また、本実施形態に係る第１領域の位置情報は、第１領域の左上端の位置（座標）、横の長さ、及び、縦の長さを含む。当該位置情報は、後述する図９において例示される。制御部１２は、ステップ１０２において認識した第１領域の左上端の位置座標を特定する。また、制御部１２は、認識した第１領域の横の長さと縦の長さを特定する。これにより、制御部１２は、認識した第１領域のイメージデータ内における位置情報を取得する。 Further, the position information of the first region according to the present embodiment includes the position (coordinates) of the upper left end of the first region, the horizontal length, and the vertical length. The position information is exemplified in FIG. 9 described later. The control unit 12 specifies the position coordinates of the upper left end of the first area recognized in step 102. Further, the control unit 12 specifies the horizontal length and the vertical length of the recognized first region. Thereby, the control part 12 acquires the positional information in the image data of the recognized 1st area | region.

＜ステップ１０４＞
次に、制御部１２は、ステップ１０１において取得したイメージデータ内における第２領域を認識する（ステップ１０４）。 <Step 104>
Next, the control unit 12 recognizes the second area in the image data acquired in Step 101 (Step 104).

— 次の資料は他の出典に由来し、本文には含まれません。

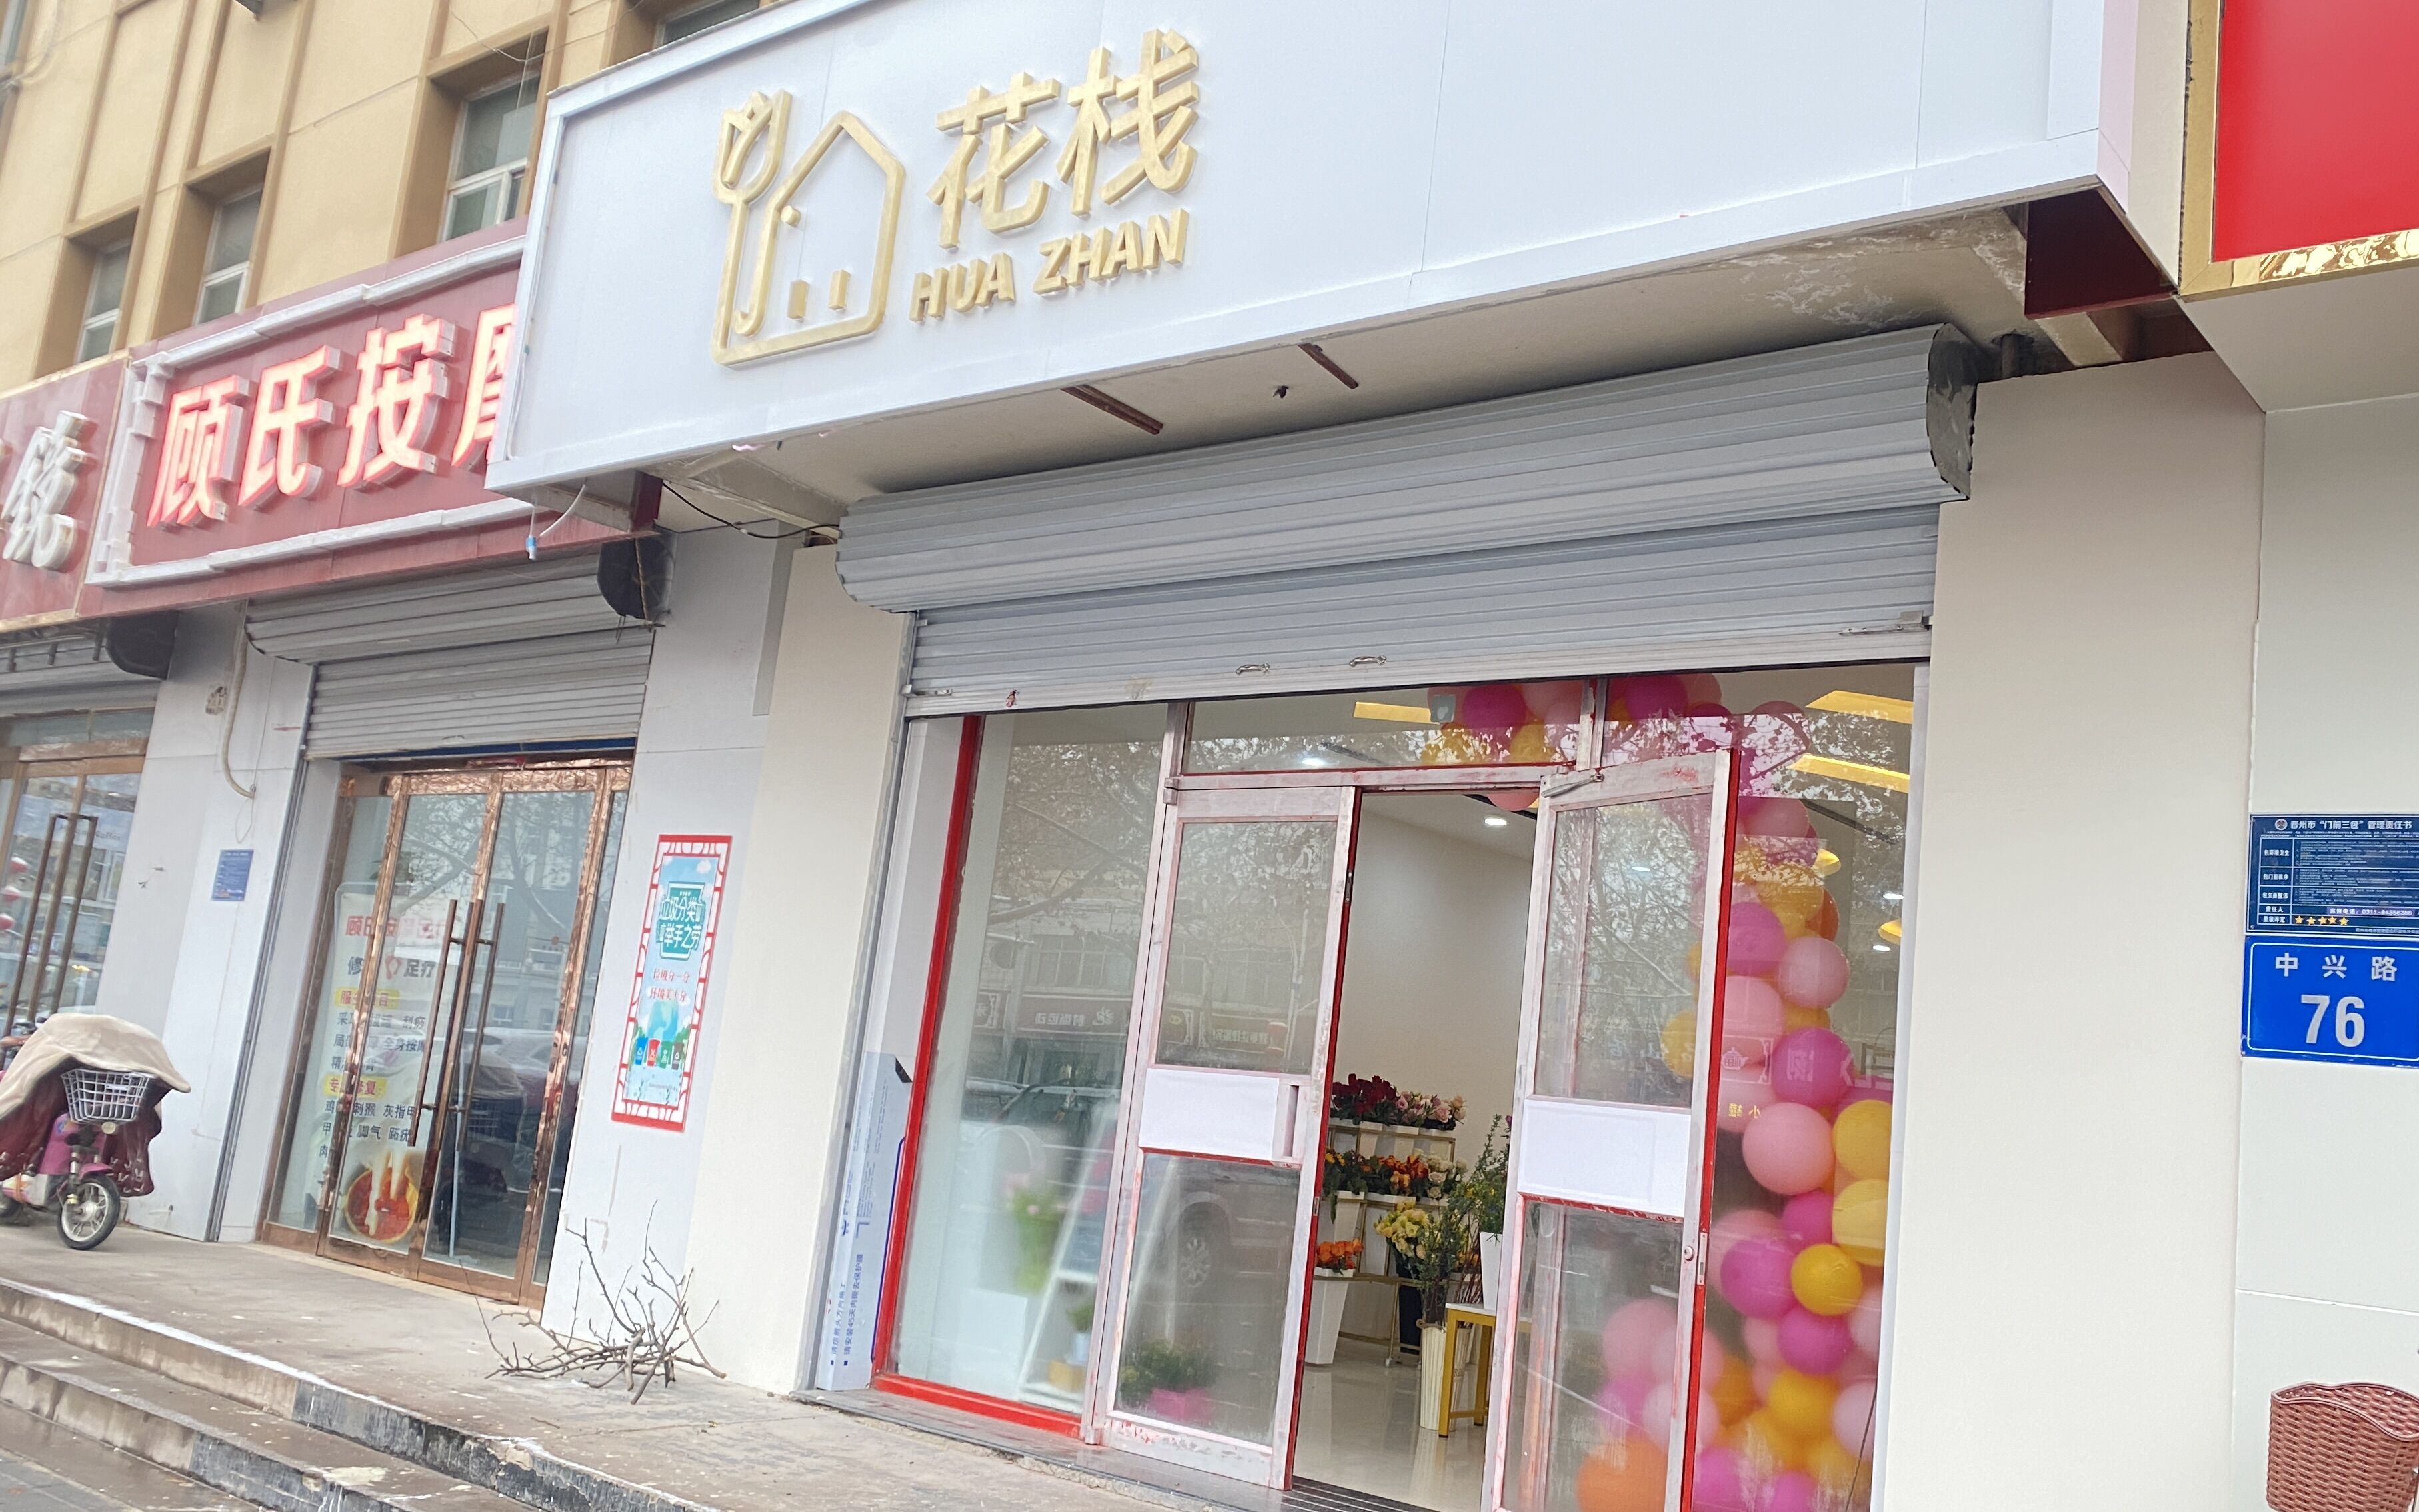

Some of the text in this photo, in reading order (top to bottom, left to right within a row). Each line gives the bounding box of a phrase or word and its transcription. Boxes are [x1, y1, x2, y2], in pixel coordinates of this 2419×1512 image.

図４に示されるイメージデータにおいて、塗りつぶしが、第２の領域指定表現として用いられている。言いかえると、図４に示されるイメージデータにおいて、第２領域（６０ａ、６０ｂ）は、塗りつぶしによって表現されている。制御部１２は、当該塗りつぶしに
よって表現されている第２領域（６０ａ、６０ｂ）を認識する。なお、該第２領域の認識は、ステップ１０２における第１領域の認識方法と同様の方法で行われる。 In the image data shown in FIG. 4, the fill is used as the second area designation expression. In other words, in the image data shown in FIG. 4, the second area (60a, 60b) is expressed by painting. The control unit 12 recognizes the second area (60a, 60b) expressed by the filling. The second area is recognized by the same method as the first area recognition method in step 102.

＜ステップ１０５＞
次に、制御部１２は、ステップ１０４において認識した第２領域のイメージデータ内における位置情報を取得する（ステップ１０５）。なお、当該ステップ１０５は、省略されてもよい。本実施形態では、後述するステップ１０７における対応付けにおいて第２領域の位置情報が用いられるため、該第２領域の位置情報が取得される。なお、第２領域の位置情報は、ステップ１０３における第１領域の位置情報と同様である。 <Step 105>
Next, the control unit 12 acquires position information in the image data of the second area recognized in Step 104 (Step 105). Note that step 105 may be omitted. In the present embodiment, since the position information of the second area is used in the association in step 107 described later, the position information of the second area is acquired. The position information of the second area is the same as the position information of the first area in step 103.

＜ステップ１０６＞
次に、制御部１２は、ステップ１０４において認識した第２領域内に存在する文字を文字認識することで、該第２領域内に存在する文字の文字情報を取得する（ステップ１０６）。 <Step 106>
Next, the control unit 12 recognizes characters existing in the second area recognized in step 104, thereby acquiring character information of the characters existing in the second area (step 106).

文字認識は、いかなる方法によって実行されてもよい。本ステップ１０６において、制御部１２は、第２領域内に記載された文字を文字認識することで、該第２領域内に記載された文字の文字情報を取得する。 Character recognition may be performed by any method. In step 106, the control unit 12 recognizes the characters described in the second area, thereby acquiring character information of the characters described in the second area.

なお、文字情報は、文字認識の対象となる第１領域についての項目名として取得される。第１領域と第２領域とが１つずつしか存在しない場合、第１領域と第２領域の組合せは１通りしか考えられないため、第１領域と第２領域の対応関係を特定する必要はない。すなわち、本ステップ１０６において第２領域から取得される文字情報が、どの第１領域についての項目名であるかを特定する必要はない。本ステップ１０６において文字情報が取得された時点において、該文字情報は、ステップ１０２及び１０３に係る第１領域についての項目名として特定される。 Note that the character information is acquired as an item name for the first area to be character-recognized. If there is only one each of the first area and the second area, only one combination of the first area and the second area can be considered, so it is necessary to specify the correspondence between the first area and the second area. Absent. That is, it is not necessary to specify which first area the character information acquired from the second area in this step 106 is the item name. When the character information is acquired in this step 106, the character information is specified as an item name for the first area according to steps 102 and 103.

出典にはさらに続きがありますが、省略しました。